Despite efforts to address cheating, the widespread adoption of the internet exponentially increased opportunities for plagiarism, and paper mills, which for decades had been offering research papers for sale, exploded with the digital revolution. In 1999, the Educational Testing Service (ETS) reported that a single website providing such papers at no cost to students averaged eighty thousand hits per day. At the time, according to the United States Census Bureau, fewer than half of all Americans between the ages of three and seventeen had a computer at home, and only about 23 percent used the internet at all, whether at home or elsewhere. By 2013, the landscape had changed dramatically: 92.2 percent of Americans under eighteen lived in a household with at least one computer, and 81.2 percent had internet access at home. This trend continued into the 2020s; by 2022, 97 percent of Americans under the age of eighteen used the internet every day.

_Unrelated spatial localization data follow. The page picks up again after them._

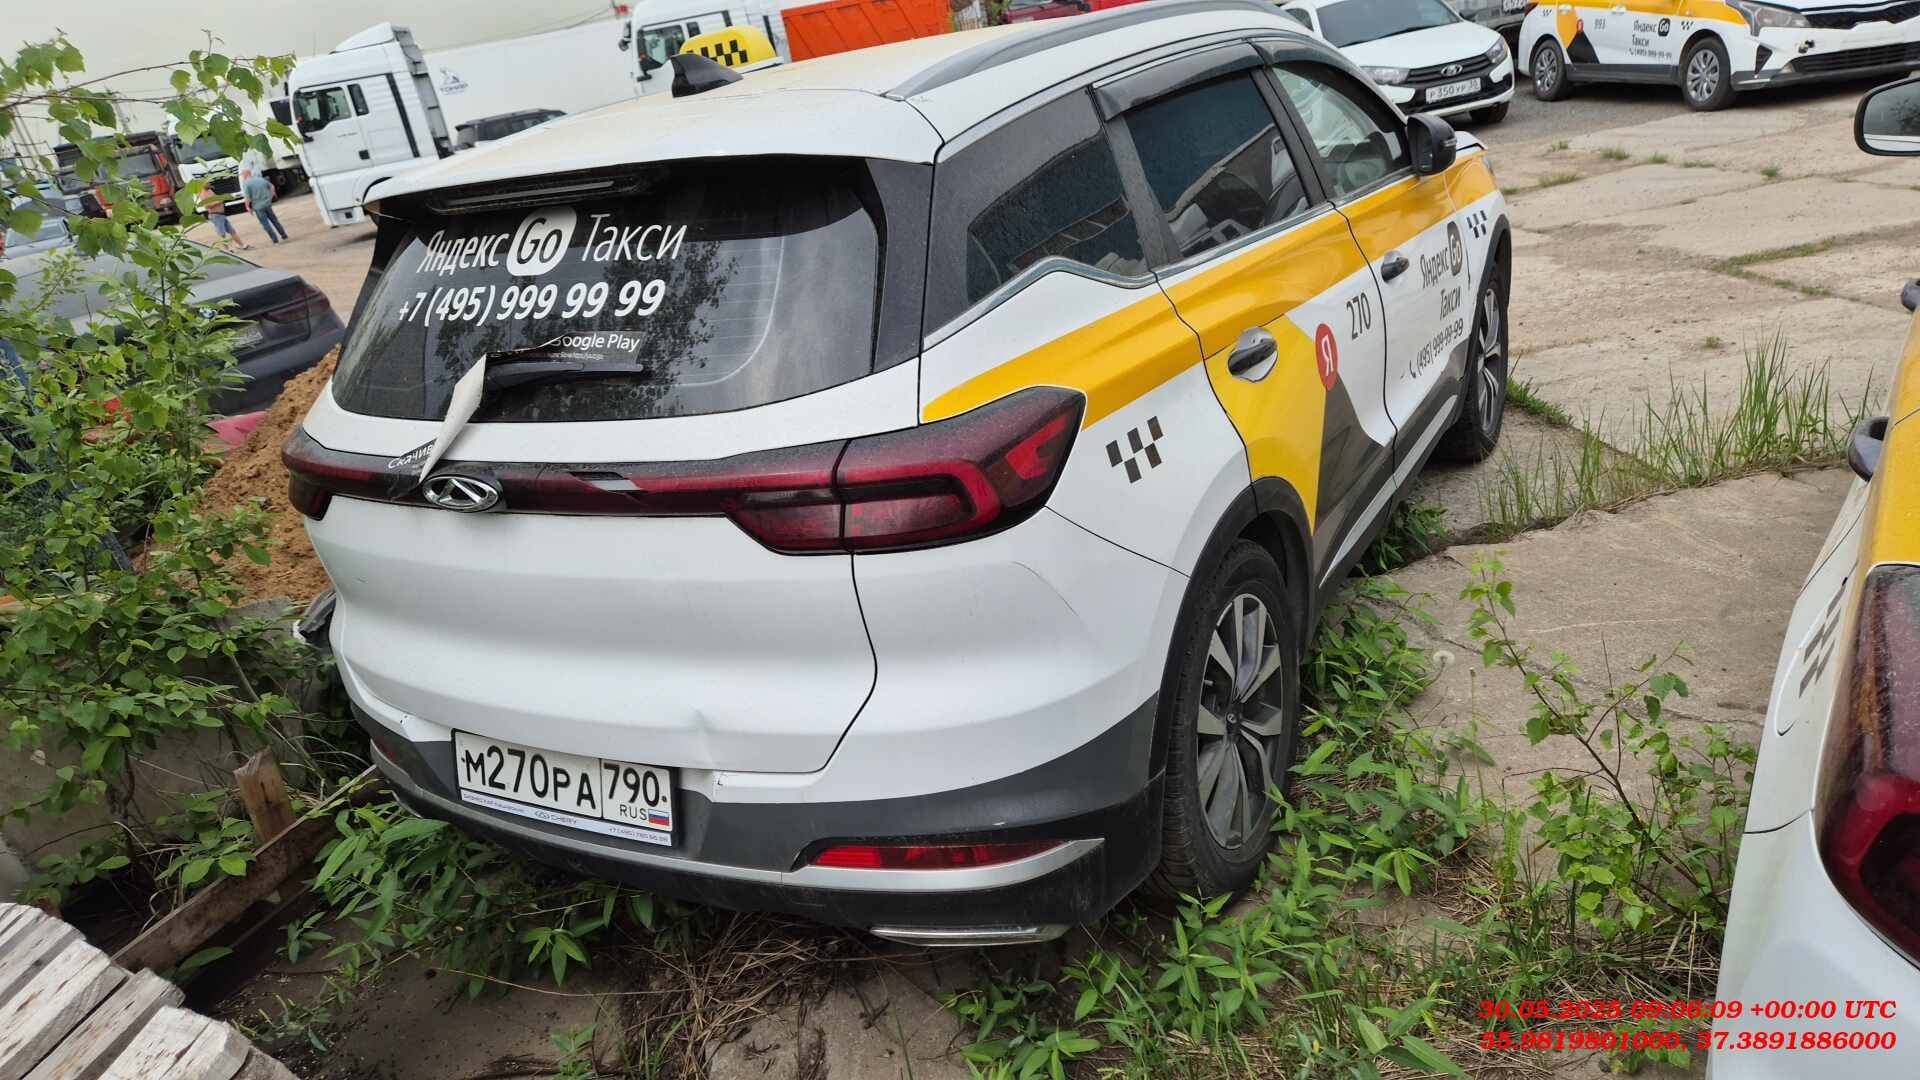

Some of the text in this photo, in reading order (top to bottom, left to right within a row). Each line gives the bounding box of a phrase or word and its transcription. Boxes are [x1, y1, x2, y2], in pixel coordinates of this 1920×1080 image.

[1632, 34, 1650, 46] Такси
[416, 213, 688, 277] Яндекс Go Такси
[1420, 247, 1449, 290] Яндекс
[399, 279, 666, 327] +7 (495) 999 99 99
[1346, 292, 1371, 341] 270
[1440, 286, 1461, 321] Такси
[607, 333, 641, 352] Play
[1321, 334, 1334, 377] Я
[465, 745, 660, 811] М270РА 790
[619, 804, 648, 822] RUS
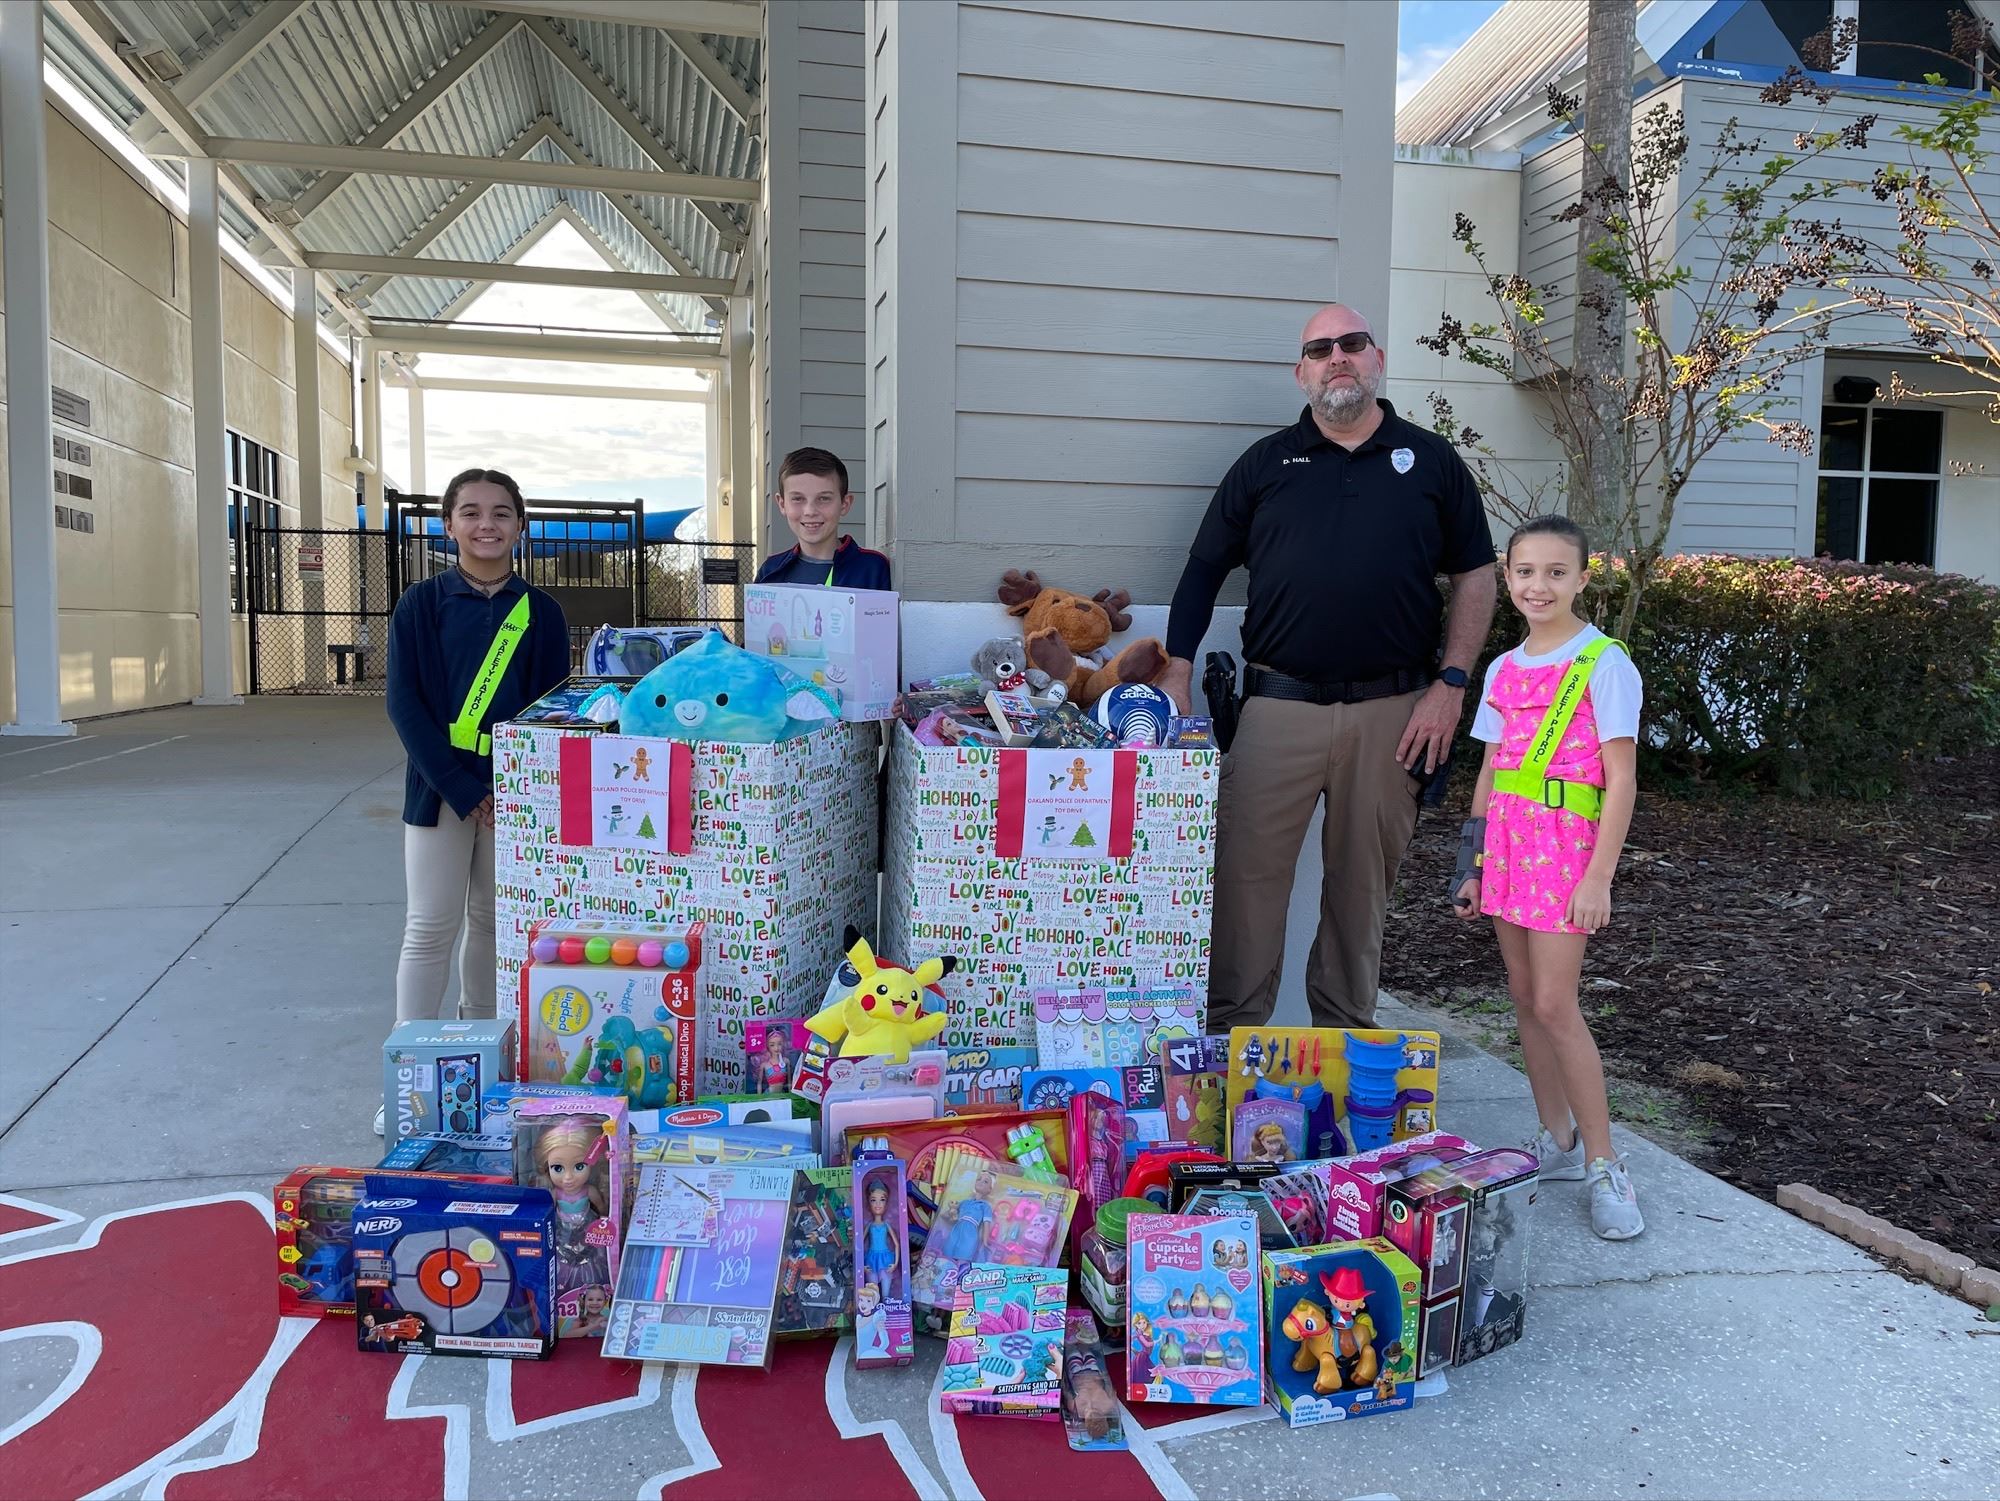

Plagiarism and other forms of cheating were not confined to college and university students but were an increasing problem at all levels of education. In one 2009 study, more than 80 percent of college alumni admitted to engaging in some form of cheating as undergraduates. Some research supports a connection between general dishonesty and academic misconduct. Two other studies, one in 2007 and one in 2009, found that those who admitted plagiarizing or cheating on examinations were more likely to cheat on a spouse or lie to a boss than those who said they had never cheated. While student violations of academic integrity have received the most attention since the 1960s, attention to violations by faculty members and administrators has also increased. In many cases, college administrators and public school officials have been found guilty of falsifying test scores in order to increase school rankings or to protect their school’s state and federal funding, and professors and researchers at universities have been accused of plagiarizing research and publications.
In the early 2020s, the increasing sophistication of artificial intelligence (AI) technologies, including chatbots such as ChatGPT, which were capable of receiving prompts and generating unique text, raised fears in the academic community that use of these technologies could lead to violations of academic integrity. While some educators saw the possible applications of these emerging technologies in a classroom setting, others were concerned that students could use such tools to write papers and other assignments for them, rather than producing work of their own. According to data published by Forbes in March 2023, a majority of US college students (51 percent) agreed that using ChatGPT and other AI tools to complete assignments constituted cheating. Many schools instituted new policies and added training for students and teachers to more effectively and ethically implement AI in the classroom. Teachers also increasingly used software to detect when students' work was generated with the use of AI; in late 2023, one survey found 78 percent of schools provided or recommended such tools to teachers.
Research indicates that the most effective means of reducing academic misconduct is to foster a culture of academic integrity that encompasses every member of the academic community. Researchers have found that cheating is contagious, in the sense that knowledge of others’ cheating is a high predictor of one's own decision to cheat. Other studies suggest that academic integrity may be similarly contagious as well.